The Sunday Tribune has spoken to six people who were involved with the Quinn organisation, some for protracted periods. All spoke on the basis that their anonymity would be guaranteed. All describe Quinn as an enigmatic character with huge powers of persuasion and influence. Some attributed it to a nebulous form of psychic powers, others to an ability to relentlessly focus on people, others to his ability to hypnotise. "I definitely believe he has a psychic power, a hold over people," said one, who was deeply involved with Quinn in the 1970s.

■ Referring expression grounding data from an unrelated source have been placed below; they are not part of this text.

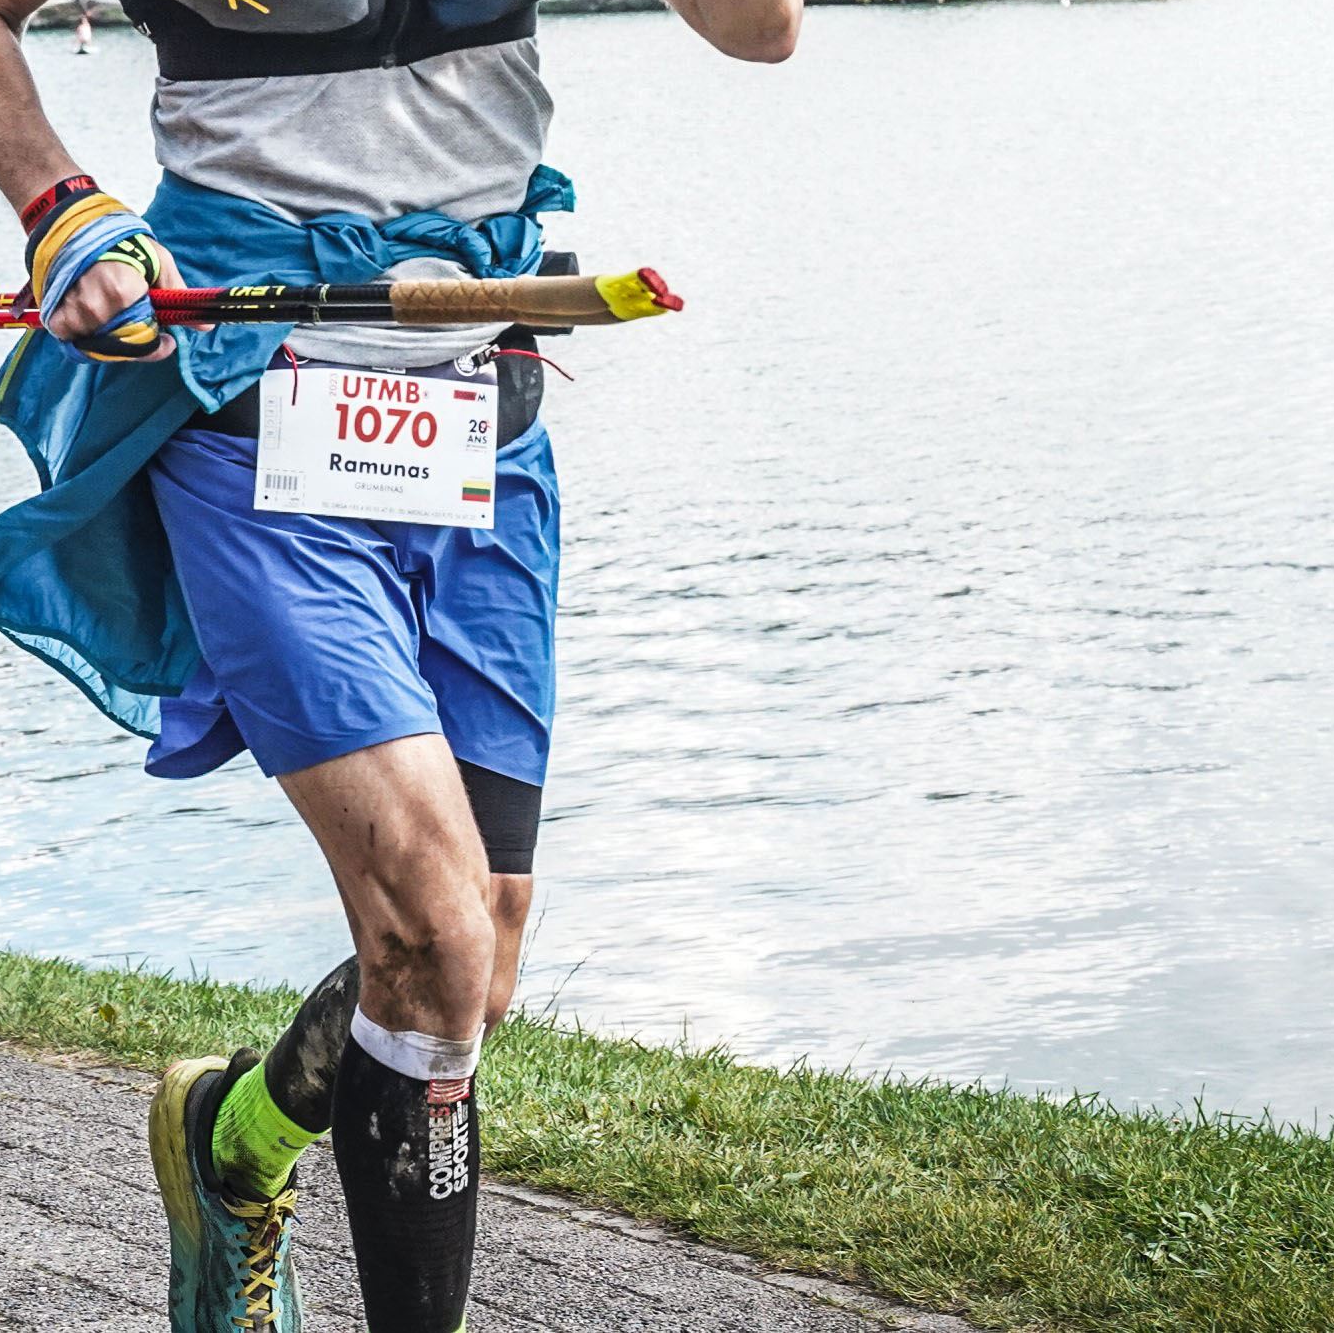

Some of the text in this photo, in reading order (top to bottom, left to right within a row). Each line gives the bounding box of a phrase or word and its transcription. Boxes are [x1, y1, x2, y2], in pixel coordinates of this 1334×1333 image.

[342, 375, 421, 404] UTMB
[334, 403, 438, 448] 1070
[468, 419, 488, 434] 20
[467, 435, 488, 444] ANS
[329, 453, 430, 479] Ramunas
[453, 1111, 468, 1192] SPORT

Quinn himself variously describes this power as a force, an energy, a healing power. "I noticed... that this force seemed to touch off some people and cause great changes in their lives," he says during a seminar in 1994. "I used to find that people might literally fall down and when they got up again they felt that they had an understanding, an awareness, an experience that was greater than anything that happened to them before and it changed their lives. It was as if their personality was overcome by this force."

On his Educo tape, he explains the effect that he has on the people at his seminars. "People speak of happiness, even euphoria, with their minds feeling crystal clear. People often talk about a brightness in their head. Some claim they get an increase in energy, that it feels like energy circulating through their body and going out to other people."

The thrust of one of Quinn`s 1994 seminars is submission to him and obeying the force – "lining themselves up" with the force that emanates from Quinn. Independent thinkers need not apply and it`s clear that the great man isn`t a fan of feminism.

"With fellows, they may want to be very egotistical with me. In other words, they want to be better than I am and once they are into that mode it won`t work because they are making great effort. I may sit down with girls and they are into something like women`s lib and again we are into problems. I reject all these things. I will shock you because sometimes I say to people, `Do what I tell you and if you don`t know what it is, ask me`. What I tell people is, `just line yourself up to me`."

There is no shortage of newcomers prepared to align themselves to Quinn, as testified by the numbers attending his seminars. However, some of the families of these people are concerned that the changes have adversely affected their relationships with spouses and families. These people firmly believe that Quinn`s organisation has had a cult-like draw on their families, which has caused a rift between them and their loved ones.

A former associate says: ÒI spent most of my adult life with Tony Quinn, believed everything that he said. Tony Quinn was my entire life. But Tony was obsessed with money and very few others within the organisation made any real money at all. They were collecting huge amounts of money from the postal requests, the health products, the gyms and the seminars, but very little of it was filtering down. Nobody ever questioned him.

"When I left, the shutters came down. I was excluded. You were either with Tony or you were completely out in the cold. That`s what happened to me."

Two others spoke about how they became personae non grata with the organisation once they had left, or were asked to leave. One expressed doubts about the necessity of selling seminars at £15,000 and was asked to leave shortly afterwards. Quinn, in his 1994 seminar, explicitly states that those whom he works with must align themselves to him and the force to which he speaks directly. In the mid-1990s, people who had lived in a communal house owned by Quinn for 20 years were asked to leave both the house and the Quinn organisation - some were said not to have wholeheartedly embraced Quinn`s relatively new departure into the Educo system.

"I am totally convinced that is the real problem that happened even in the organisation I was with - that people did not fully accept what I am outlining to you here. I am moving away from that at this stage. I don`t want to do this, but I feel that I must just work with whoever totally accepts what I call the Educo philosophy."